Nothing but the line containing "this 2167×1382 image." and the lines that follow it to the end of the material below should appear in the answer, each copied exactly.

##########

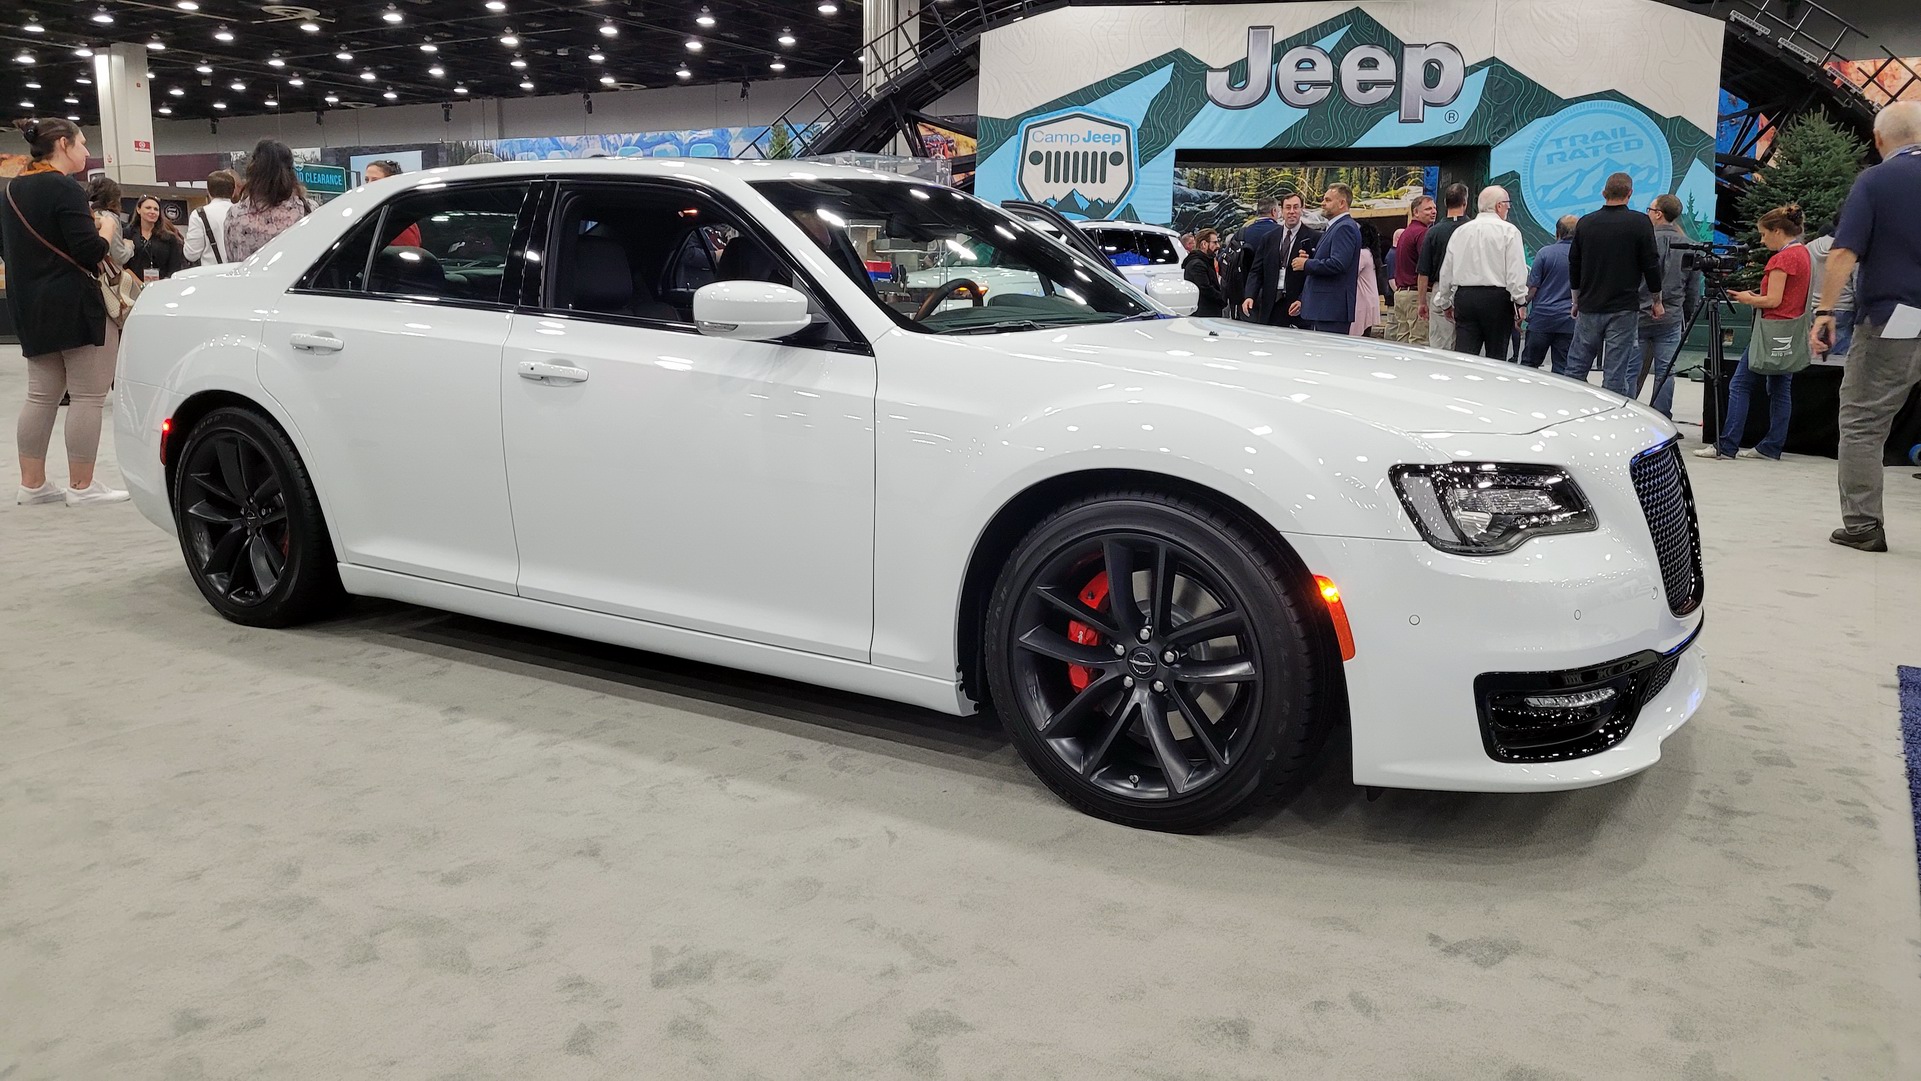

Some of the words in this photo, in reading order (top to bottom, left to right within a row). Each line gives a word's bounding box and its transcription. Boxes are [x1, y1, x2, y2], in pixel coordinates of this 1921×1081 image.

[1205, 25, 1465, 123] Jeep
[1031, 130, 1080, 146] Camp
[1082, 130, 1122, 146] Jeep
[1550, 126, 1637, 150] TRAIL
[1545, 138, 1644, 165] RATED
[305, 171, 343, 186] CLEARANCE
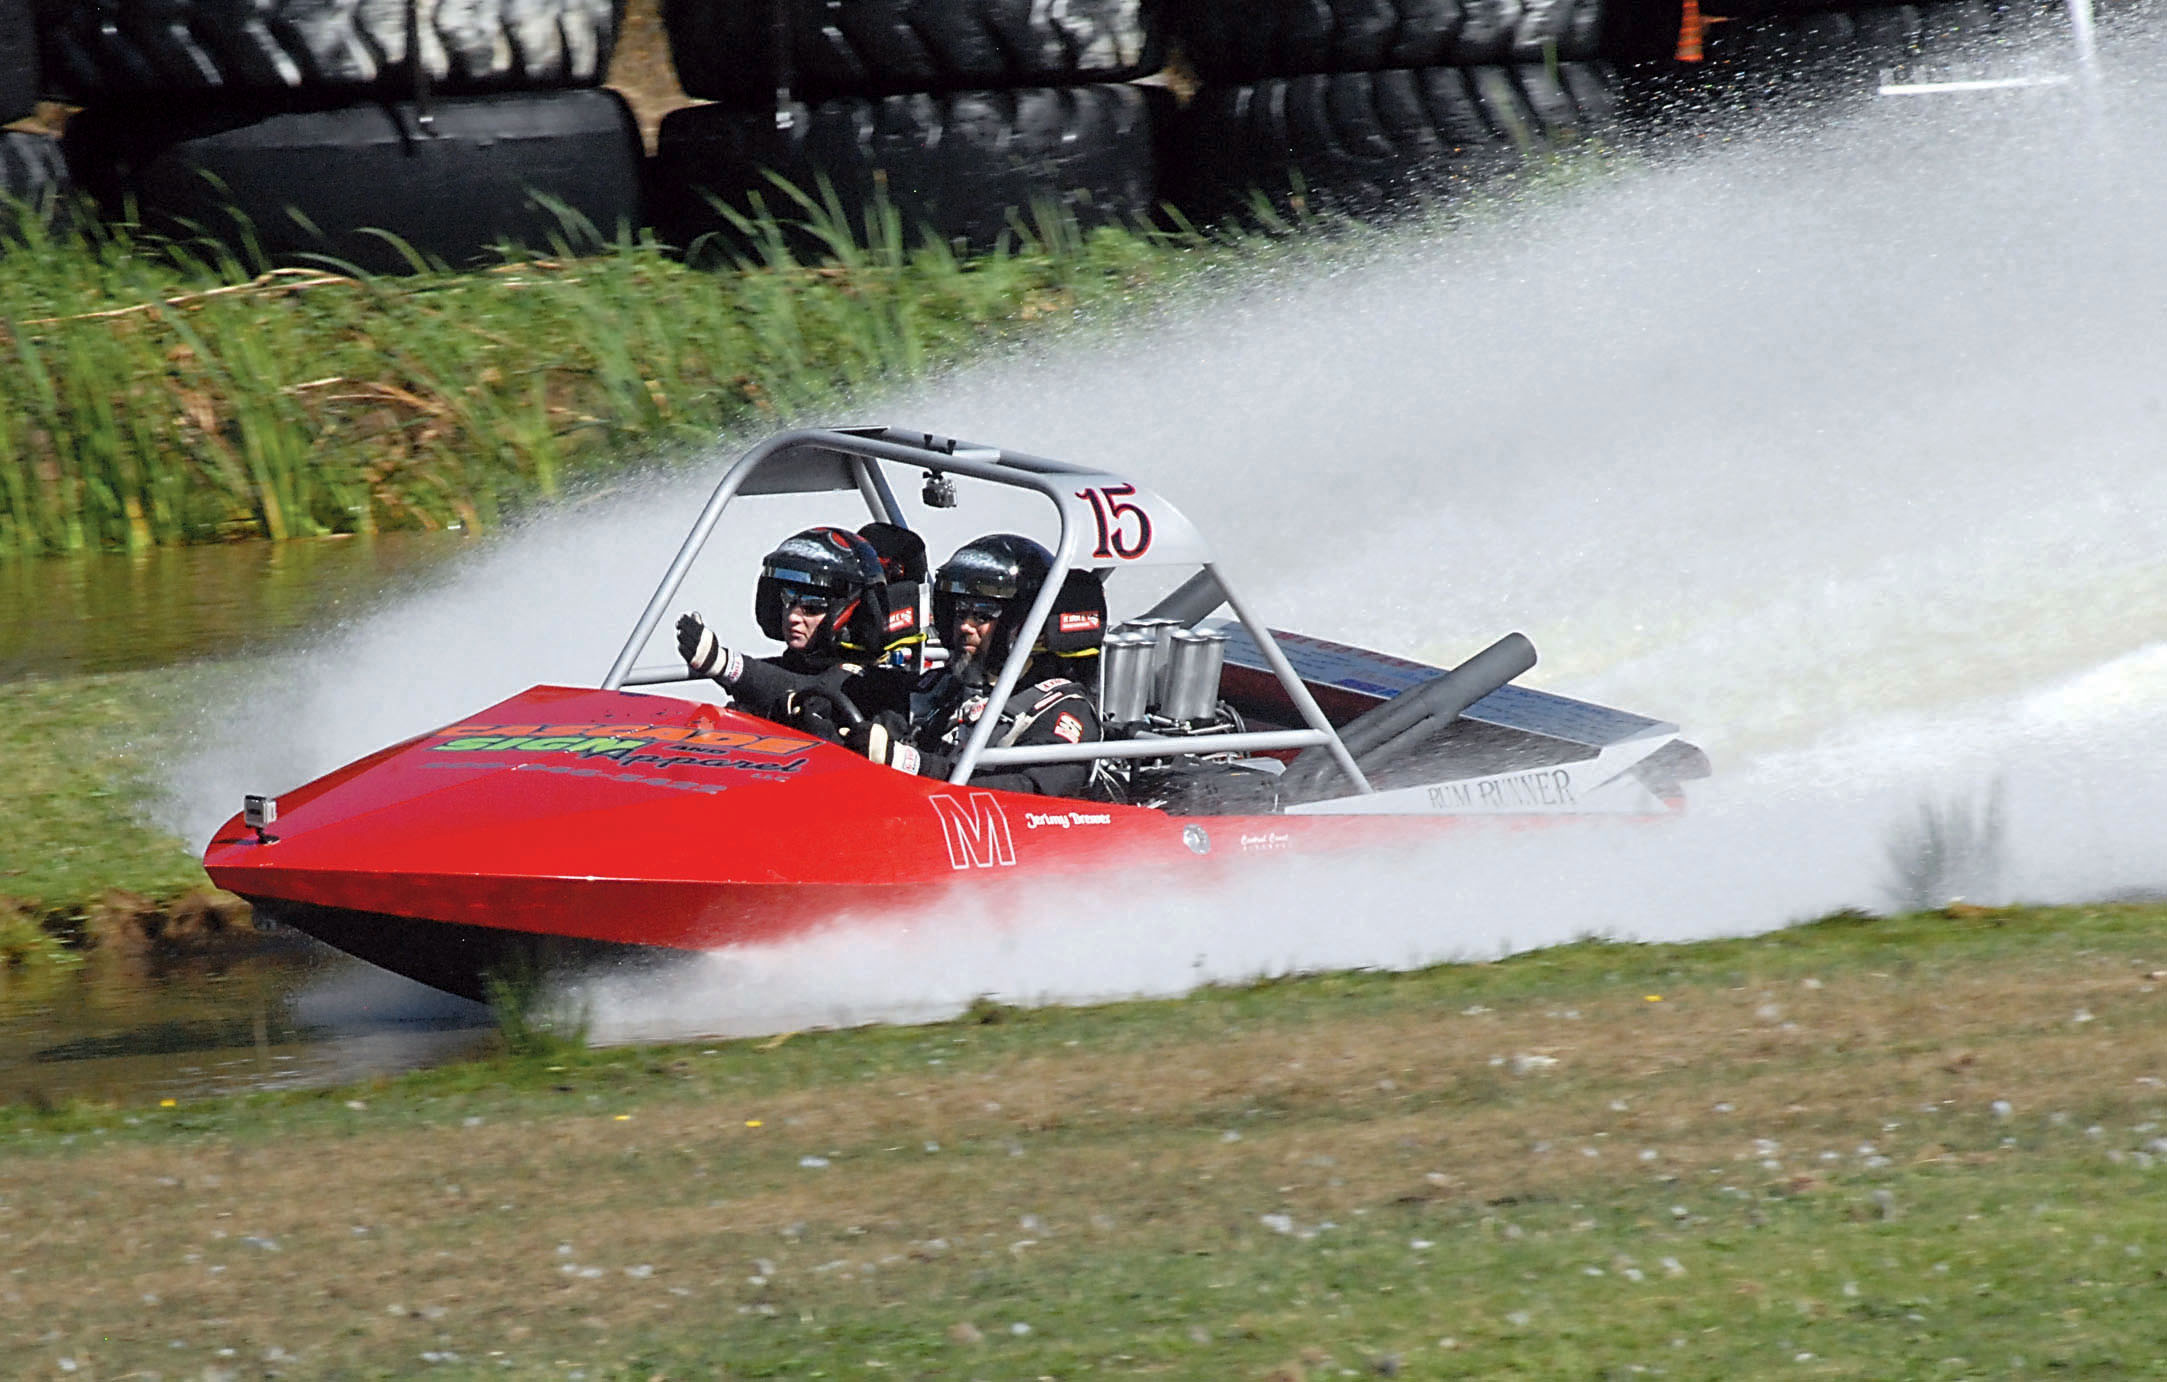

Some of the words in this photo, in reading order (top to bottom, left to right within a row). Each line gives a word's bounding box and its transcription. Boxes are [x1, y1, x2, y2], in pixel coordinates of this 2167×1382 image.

[1075, 482, 1152, 560] 15
[430, 736, 651, 752] SIGN
[432, 724, 824, 756] CASCADE
[665, 745, 730, 755] AND
[580, 743, 808, 773] Apparel
[1427, 783, 1473, 809] RUM
[1477, 768, 1577, 808] RUNNER
[928, 792, 1016, 870] M

##########

Solution to this exercise ▸
Some of the words in this photo, in reading order (top to bottom, left to right within a row). Each line gives a word's bounding box and its transcription. Boxes are [x1, y1, x2, y2], in pixel coordinates of this 2167×1382 image.

[1075, 482, 1152, 560] 15
[430, 736, 651, 752] SIGN
[432, 724, 824, 756] CASCADE
[665, 745, 730, 755] AND
[580, 743, 808, 773] Apparel
[1427, 783, 1473, 809] RUM
[1477, 768, 1577, 808] RUNNER
[928, 792, 1016, 870] M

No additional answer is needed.